Dataset entries
++++

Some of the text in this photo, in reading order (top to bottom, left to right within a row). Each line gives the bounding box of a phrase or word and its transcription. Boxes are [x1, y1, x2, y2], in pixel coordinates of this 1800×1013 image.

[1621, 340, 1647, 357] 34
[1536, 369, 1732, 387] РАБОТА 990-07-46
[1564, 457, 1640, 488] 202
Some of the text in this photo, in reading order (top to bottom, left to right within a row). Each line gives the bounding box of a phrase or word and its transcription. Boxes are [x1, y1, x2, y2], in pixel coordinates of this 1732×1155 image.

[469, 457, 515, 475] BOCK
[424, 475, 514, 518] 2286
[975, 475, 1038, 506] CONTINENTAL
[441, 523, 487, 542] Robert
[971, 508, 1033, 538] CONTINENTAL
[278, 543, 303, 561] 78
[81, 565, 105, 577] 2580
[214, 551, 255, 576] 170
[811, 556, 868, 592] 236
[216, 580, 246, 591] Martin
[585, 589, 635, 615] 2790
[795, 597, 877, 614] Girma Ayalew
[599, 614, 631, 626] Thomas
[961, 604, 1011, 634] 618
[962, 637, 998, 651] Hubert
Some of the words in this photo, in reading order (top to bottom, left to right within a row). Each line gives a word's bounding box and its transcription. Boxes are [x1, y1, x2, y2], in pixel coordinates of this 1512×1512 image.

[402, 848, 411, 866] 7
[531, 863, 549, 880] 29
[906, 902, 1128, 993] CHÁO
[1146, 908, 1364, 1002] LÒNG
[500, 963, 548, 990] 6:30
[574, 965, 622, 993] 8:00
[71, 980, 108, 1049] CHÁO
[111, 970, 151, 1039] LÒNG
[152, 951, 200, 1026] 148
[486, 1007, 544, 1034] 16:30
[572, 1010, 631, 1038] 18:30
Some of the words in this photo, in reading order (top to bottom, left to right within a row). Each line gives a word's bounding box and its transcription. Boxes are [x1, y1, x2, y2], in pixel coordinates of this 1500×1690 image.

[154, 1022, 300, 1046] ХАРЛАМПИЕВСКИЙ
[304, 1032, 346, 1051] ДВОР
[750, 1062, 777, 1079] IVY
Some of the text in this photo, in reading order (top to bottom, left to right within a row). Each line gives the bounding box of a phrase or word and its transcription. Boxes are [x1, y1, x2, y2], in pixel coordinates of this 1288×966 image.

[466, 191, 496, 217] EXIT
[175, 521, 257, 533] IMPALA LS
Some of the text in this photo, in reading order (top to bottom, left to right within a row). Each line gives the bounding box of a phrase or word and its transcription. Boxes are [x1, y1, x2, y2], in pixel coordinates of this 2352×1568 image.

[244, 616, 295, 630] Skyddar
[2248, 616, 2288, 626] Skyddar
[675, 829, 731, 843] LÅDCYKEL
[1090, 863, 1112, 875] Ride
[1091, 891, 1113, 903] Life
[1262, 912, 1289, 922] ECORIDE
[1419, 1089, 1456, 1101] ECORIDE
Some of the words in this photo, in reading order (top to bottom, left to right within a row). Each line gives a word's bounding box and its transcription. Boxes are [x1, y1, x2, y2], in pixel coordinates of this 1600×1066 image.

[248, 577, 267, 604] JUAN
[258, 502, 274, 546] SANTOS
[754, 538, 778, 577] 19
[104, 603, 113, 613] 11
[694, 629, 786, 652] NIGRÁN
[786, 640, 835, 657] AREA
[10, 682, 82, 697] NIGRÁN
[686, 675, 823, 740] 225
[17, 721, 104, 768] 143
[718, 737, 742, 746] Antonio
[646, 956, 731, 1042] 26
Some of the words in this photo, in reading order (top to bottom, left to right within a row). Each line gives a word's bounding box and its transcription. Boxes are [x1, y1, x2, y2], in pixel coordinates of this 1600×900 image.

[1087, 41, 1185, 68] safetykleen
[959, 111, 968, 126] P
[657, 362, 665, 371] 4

++++

- Exercise details: You are asked to copy all of the entries above exactly.

- Solution to the exercise:
Some of the text in this photo, in reading order (top to bottom, left to right within a row). Each line gives the bounding box of a phrase or word and its transcription. Boxes are [x1, y1, x2, y2], in pixel coordinates of this 1800×1013 image.

[1621, 340, 1647, 357] 34
[1536, 369, 1732, 387] РАБОТА 990-07-46
[1564, 457, 1640, 488] 202
Some of the text in this photo, in reading order (top to bottom, left to right within a row). Each line gives the bounding box of a phrase or word and its transcription. Boxes are [x1, y1, x2, y2], in pixel coordinates of this 1732×1155 image.

[469, 457, 515, 475] BOCK
[424, 475, 514, 518] 2286
[975, 475, 1038, 506] CONTINENTAL
[441, 523, 487, 542] Robert
[971, 508, 1033, 538] CONTINENTAL
[278, 543, 303, 561] 78
[81, 565, 105, 577] 2580
[214, 551, 255, 576] 170
[811, 556, 868, 592] 236
[216, 580, 246, 591] Martin
[585, 589, 635, 615] 2790
[795, 597, 877, 614] Girma Ayalew
[599, 614, 631, 626] Thomas
[961, 604, 1011, 634] 618
[962, 637, 998, 651] Hubert
Some of the words in this photo, in reading order (top to bottom, left to right within a row). Each line gives a word's bounding box and its transcription. Boxes are [x1, y1, x2, y2], in pixel coordinates of this 1512×1512 image.

[402, 848, 411, 866] 7
[531, 863, 549, 880] 29
[906, 902, 1128, 993] CHÁO
[1146, 908, 1364, 1002] LÒNG
[500, 963, 548, 990] 6:30
[574, 965, 622, 993] 8:00
[71, 980, 108, 1049] CHÁO
[111, 970, 151, 1039] LÒNG
[152, 951, 200, 1026] 148
[486, 1007, 544, 1034] 16:30
[572, 1010, 631, 1038] 18:30
Some of the words in this photo, in reading order (top to bottom, left to right within a row). Each line gives a word's bounding box and its transcription. Boxes are [x1, y1, x2, y2], in pixel coordinates of this 1500×1690 image.

[154, 1022, 300, 1046] ХАРЛАМПИЕВСКИЙ
[304, 1032, 346, 1051] ДВОР
[750, 1062, 777, 1079] IVY
Some of the text in this photo, in reading order (top to bottom, left to right within a row). Each line gives the bounding box of a phrase or word and its transcription. Boxes are [x1, y1, x2, y2], in pixel coordinates of this 1288×966 image.

[466, 191, 496, 217] EXIT
[175, 521, 257, 533] IMPALA LS
Some of the text in this photo, in reading order (top to bottom, left to right within a row). Each line gives the bounding box of a phrase or word and its transcription. Boxes are [x1, y1, x2, y2], in pixel coordinates of this 2352×1568 image.

[244, 616, 295, 630] Skyddar
[2248, 616, 2288, 626] Skyddar
[675, 829, 731, 843] LÅDCYKEL
[1090, 863, 1112, 875] Ride
[1091, 891, 1113, 903] Life
[1262, 912, 1289, 922] ECORIDE
[1419, 1089, 1456, 1101] ECORIDE
Some of the words in this photo, in reading order (top to bottom, left to right within a row). Each line gives a word's bounding box and its transcription. Boxes are [x1, y1, x2, y2], in pixel coordinates of this 1600×1066 image.

[248, 577, 267, 604] JUAN
[258, 502, 274, 546] SANTOS
[754, 538, 778, 577] 19
[104, 603, 113, 613] 11
[694, 629, 786, 652] NIGRÁN
[786, 640, 835, 657] AREA
[10, 682, 82, 697] NIGRÁN
[686, 675, 823, 740] 225
[17, 721, 104, 768] 143
[718, 737, 742, 746] Antonio
[646, 956, 731, 1042] 26
Some of the words in this photo, in reading order (top to bottom, left to right within a row). Each line gives a word's bounding box and its transcription. Boxes are [x1, y1, x2, y2], in pixel coordinates of this 1600×900 image.

[1087, 41, 1185, 68] safetykleen
[959, 111, 968, 126] P
[657, 362, 665, 371] 4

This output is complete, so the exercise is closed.